(RECORDS FOR THE TASK)
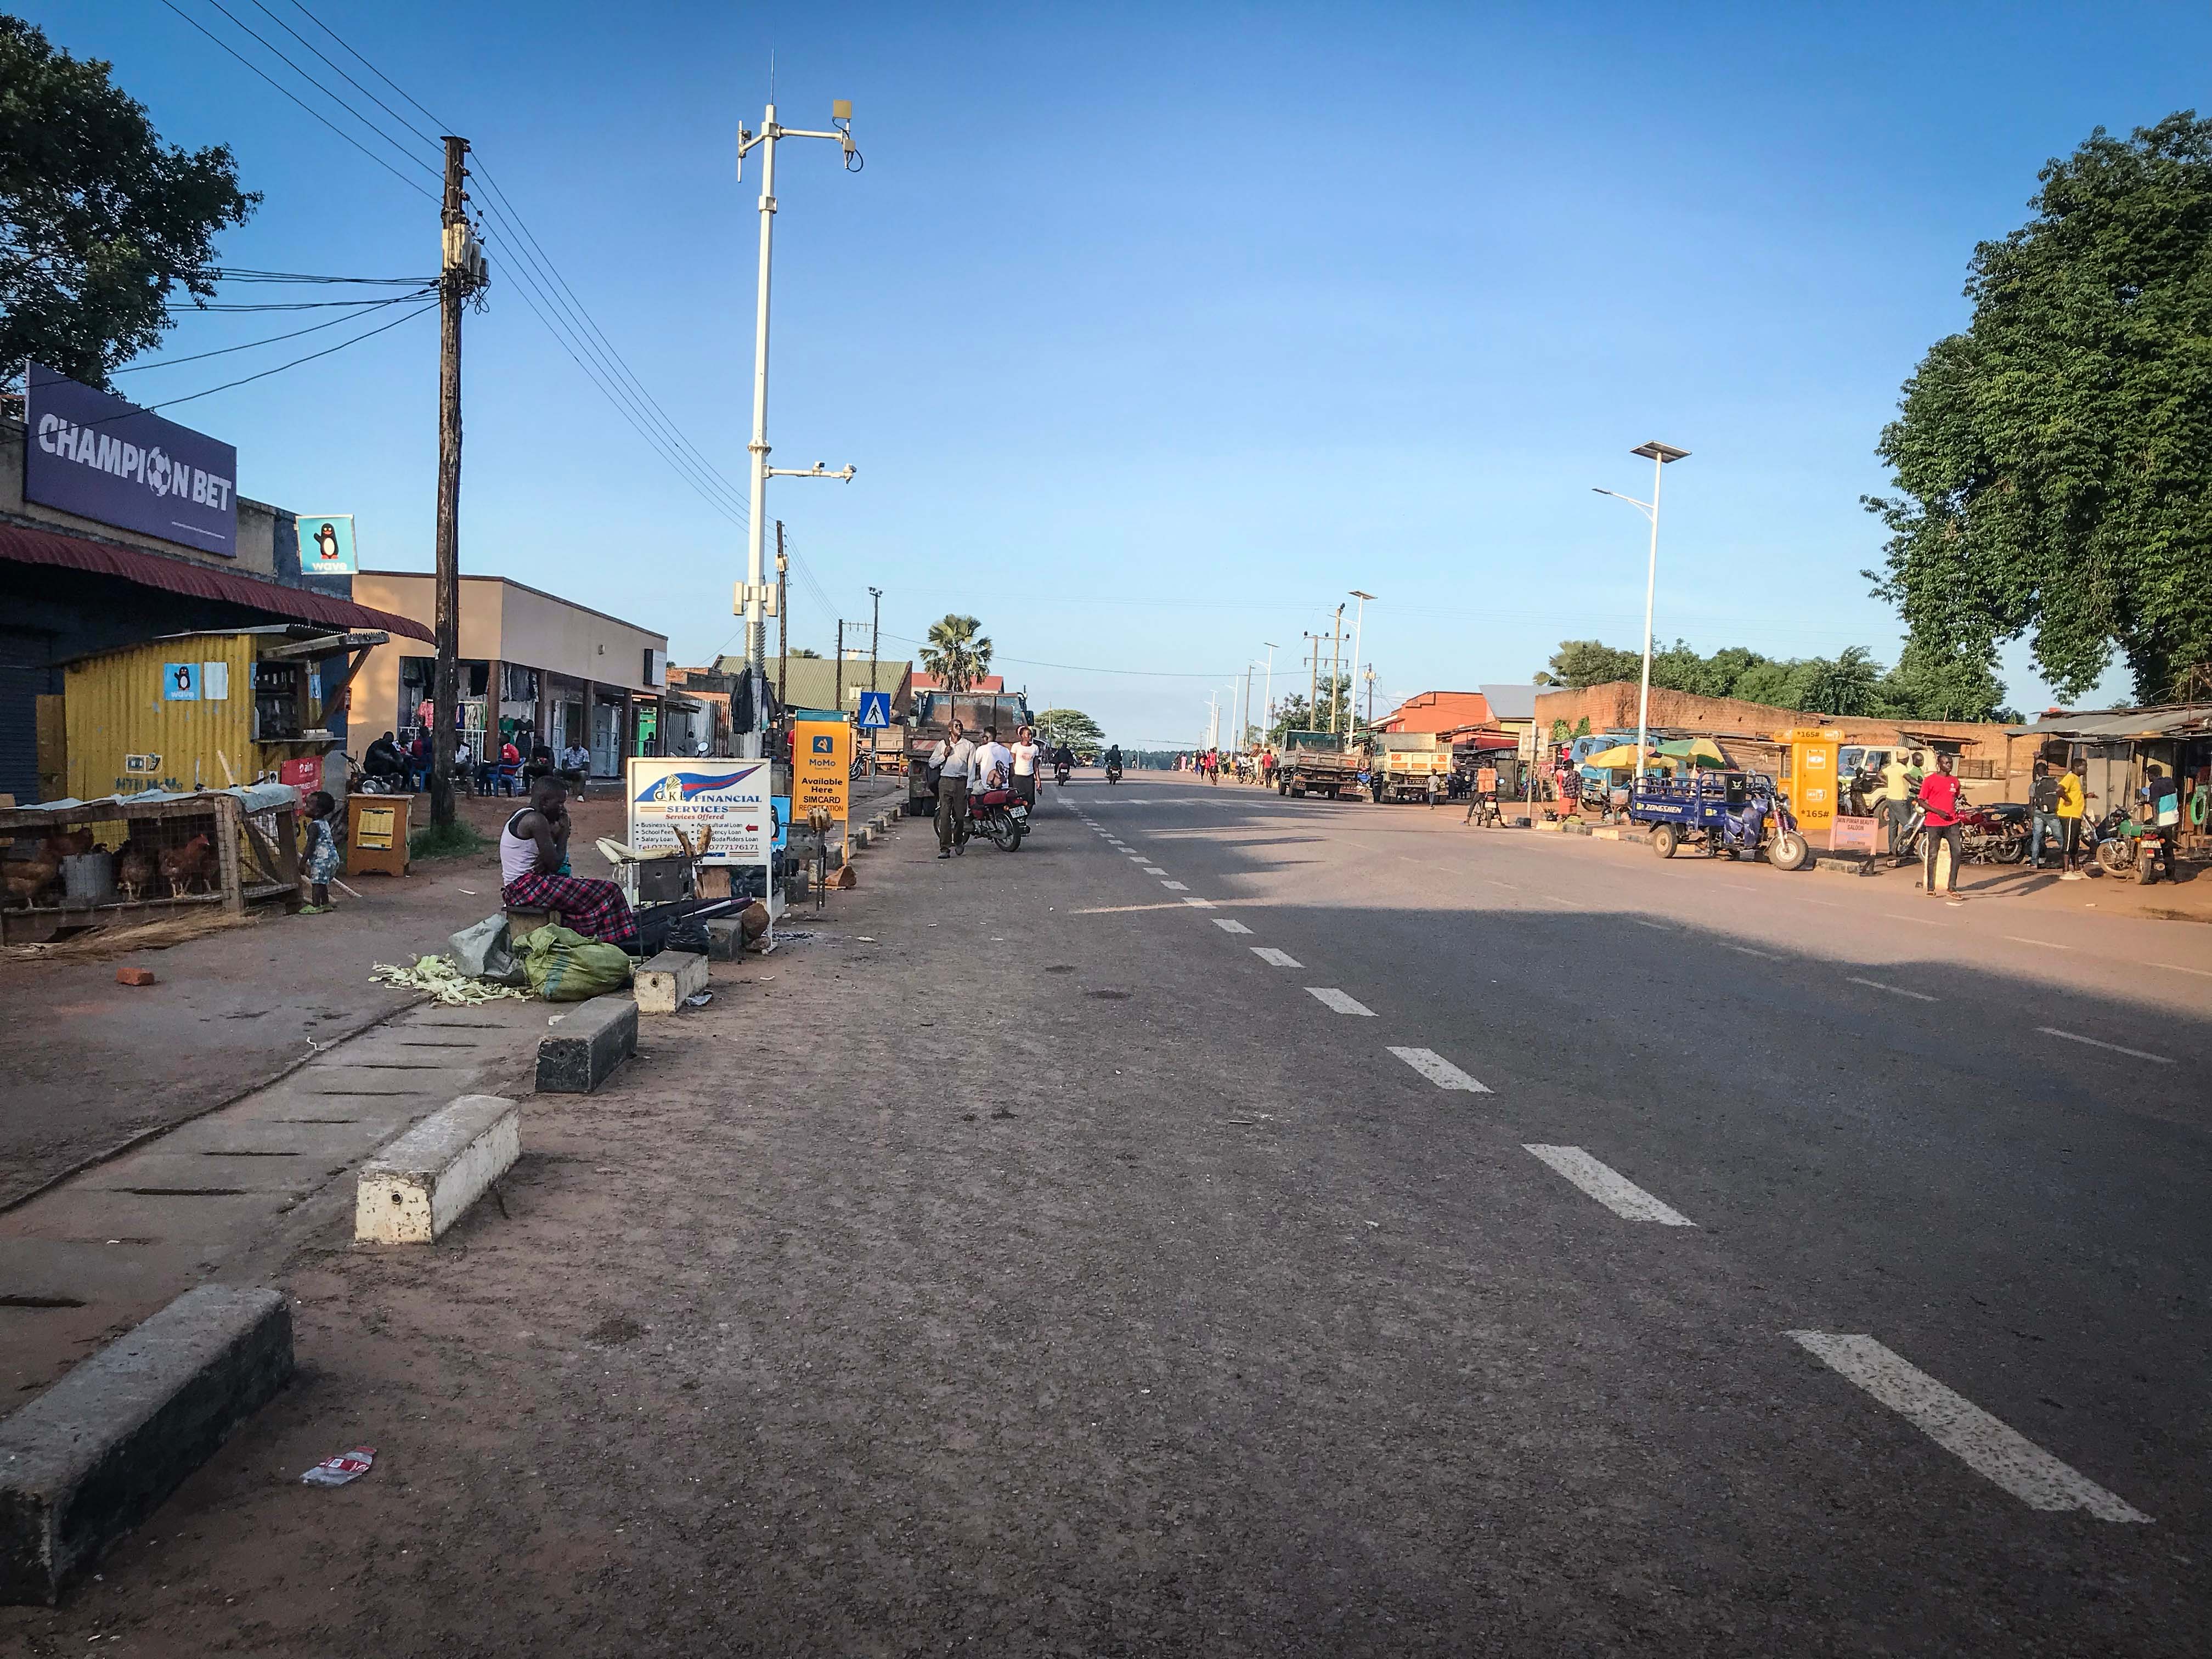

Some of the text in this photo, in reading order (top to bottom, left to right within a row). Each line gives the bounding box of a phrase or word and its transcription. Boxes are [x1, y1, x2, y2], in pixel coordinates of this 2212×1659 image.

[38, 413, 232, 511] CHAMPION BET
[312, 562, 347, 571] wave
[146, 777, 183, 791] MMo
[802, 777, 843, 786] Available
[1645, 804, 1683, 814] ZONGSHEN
(End RECORDS FOR THE TASK)
> _DIRECTIONS FOR THIS TASK_:
Transcribe each line above exactly, pictures excluded.

> _WRITTEN ANSWER_:
Some of the text in this photo, in reading order (top to bottom, left to right within a row). Each line gives the bounding box of a phrase or word and its transcription. Boxes are [x1, y1, x2, y2], in pixel coordinates of this 2212×1659 image.

[38, 413, 232, 511] CHAMPION BET
[312, 562, 347, 571] wave
[146, 777, 183, 791] MMo
[802, 777, 843, 786] Available
[1645, 804, 1683, 814] ZONGSHEN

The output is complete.